Winter is upon us and we hope that the Star Wars devotees, robot-fans and other techies among you enjoy the entertaining story of the forces and the holiday season.

I thought about the topic of this edition of the Nexus newsletter when I recently worked on a project in Toulouse with Airbus, dealing with the future of research and technology. I would like to suggest you three main skills that us, humans, will need so to keep our humanity and maintain our uniqueness vis-à-vis robots.

These are certainly only some high-level thoughts intended to stimulate your competitive edge. What do You think will identify us in the future to be humans and distinguish us not to be replaced by robots? Do send us your thoughts. We are interested!
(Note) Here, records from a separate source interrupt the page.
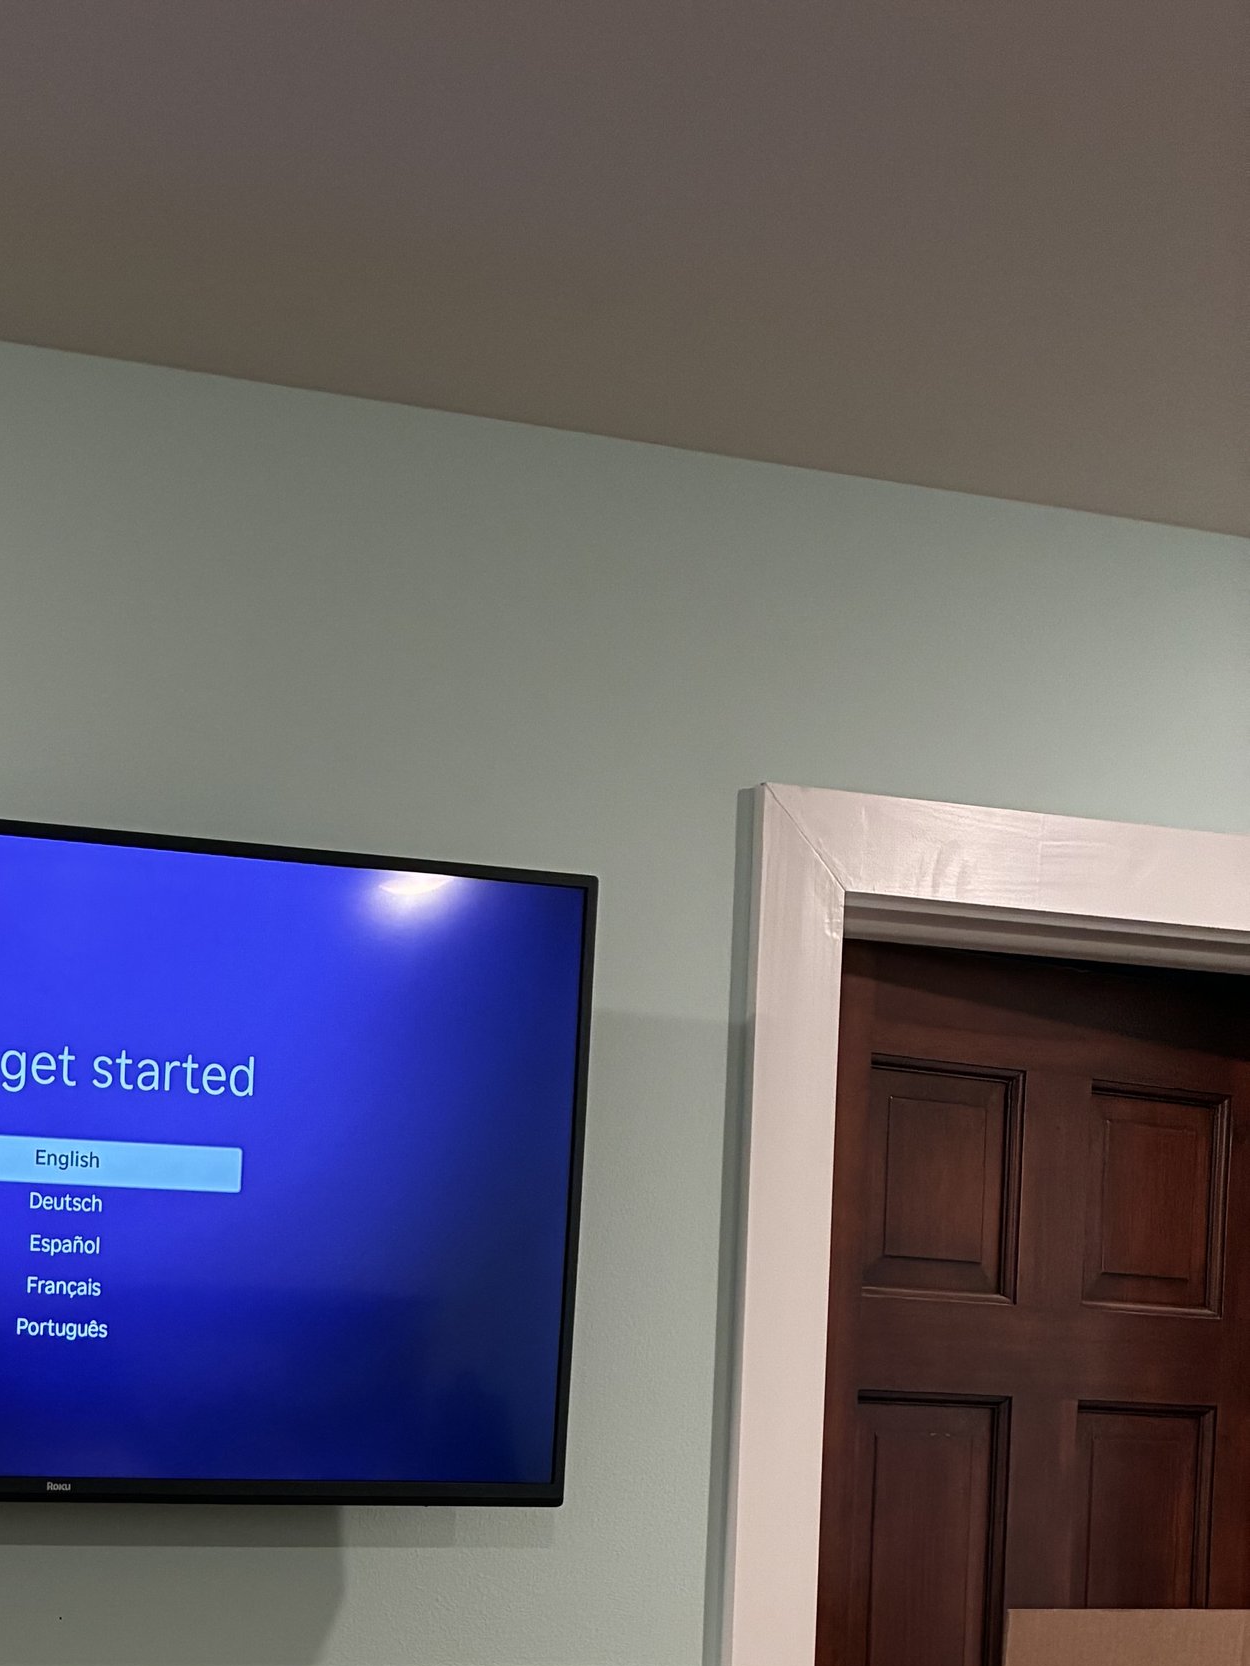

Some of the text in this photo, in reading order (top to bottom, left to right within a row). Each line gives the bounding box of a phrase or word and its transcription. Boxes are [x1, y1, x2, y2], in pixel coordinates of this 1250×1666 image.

[0, 1045, 78, 1094] get
[90, 1048, 256, 1098] started
[34, 1148, 101, 1172] English
[28, 1191, 103, 1214] Deutsch
[28, 1232, 101, 1258] Español
[25, 1275, 102, 1300] Français
[15, 1316, 109, 1342] Português
Kindly and faithfully yours,
Ramin Kaweh

If you want to survive the 21st century and going into the 22nd, be it a Star Wars-like potential future or simply our everyday lives, you are aware that robots will be a big part of our professional and personal lives. The question is not whether they will be coming or not, what they will look like, or whether they would have artificial intelligence (AI), ethics, or even beauty, design, or not. The question is: what skills and competencies all of us shall keep as Humans, and what would still distinguish us in times of singularity*.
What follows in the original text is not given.